In the emergence of data science, it is possible to accelerate the MD simulation while maintaining high accuracy of Density Functional Theory (DFT) level. This can be achieved by machine-learning the energy and forces of atomic structures defined in a set of DFT data. Armed with this framework, we conducted direct observation of non-equilibrium states of initial stage of methanol synthesis including the three main reactants: CO2, CO, and H2 gases. In all cases, we interacted the molecular reactant with Cu surface and directly observe the non-equilibrium events, resulting in the following findings.
(i) CO induces the formation of active Cu clusters on Cu stepped surface by increasing frequency of single adatom detachments from step edge.
(ii) The successful hydrogenation of CO2 is affected by the initial conditions of the gas such as vibrational modes, vibrational energy, incident angle, and incident target. The best conditions leading to the successful hydrogenation is tabulated.
(iii) The accurate modelling of Cu nanoparticle interaction with hydrogen gases is ongoing.
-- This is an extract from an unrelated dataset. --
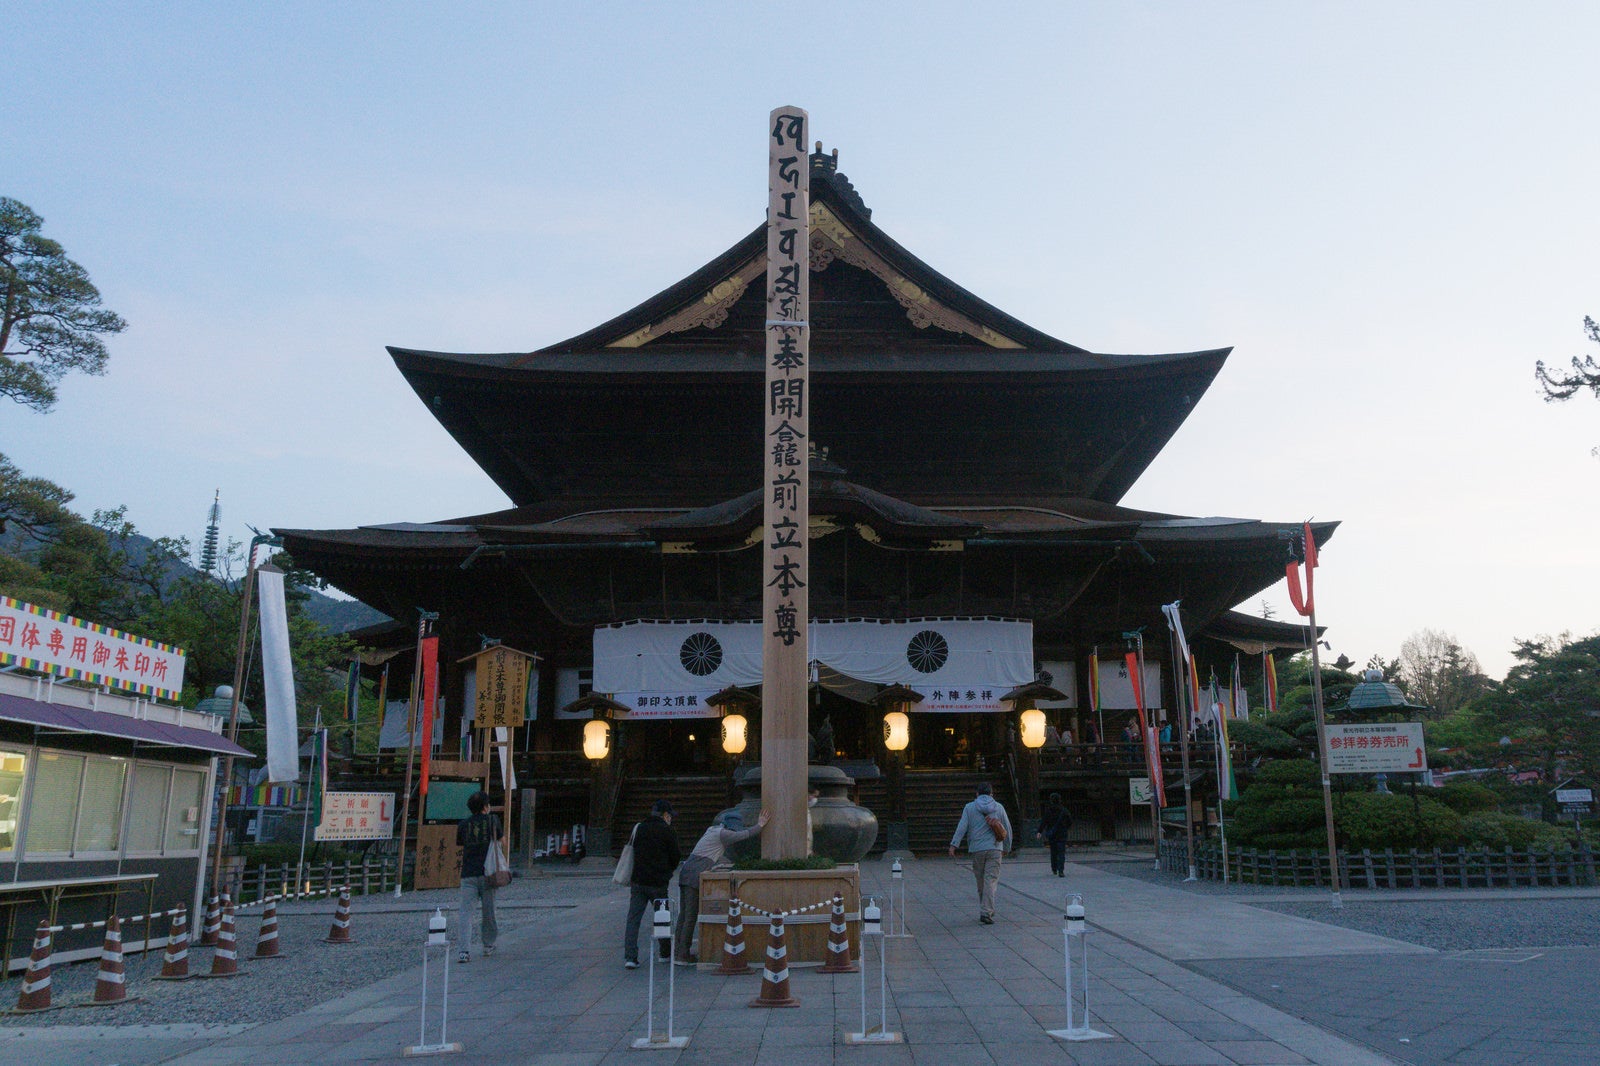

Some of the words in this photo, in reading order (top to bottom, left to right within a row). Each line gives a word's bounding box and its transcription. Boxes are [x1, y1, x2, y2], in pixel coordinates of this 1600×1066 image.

- Ryo Ueda, Harry H. Halim, Yoshitada Morikawa, “機械学習分子動力学法によるCO吸着したCuステップ表面の再構成の解析”, presented in 2023 Spring Conference of JPS (The Physical Society of Japan), Mar. 2023.
- Harry H. Halim, Yoshitada Morikawa, “Machine Learning Molecular Dynamics Simulation of CO2 Hydrogenation to Formate on Cu(111) Surface”, presented in 2023 Spring Conference of JPS (The Physical Society of Japan), Mar. 2023.
Posted : 2023年03月31日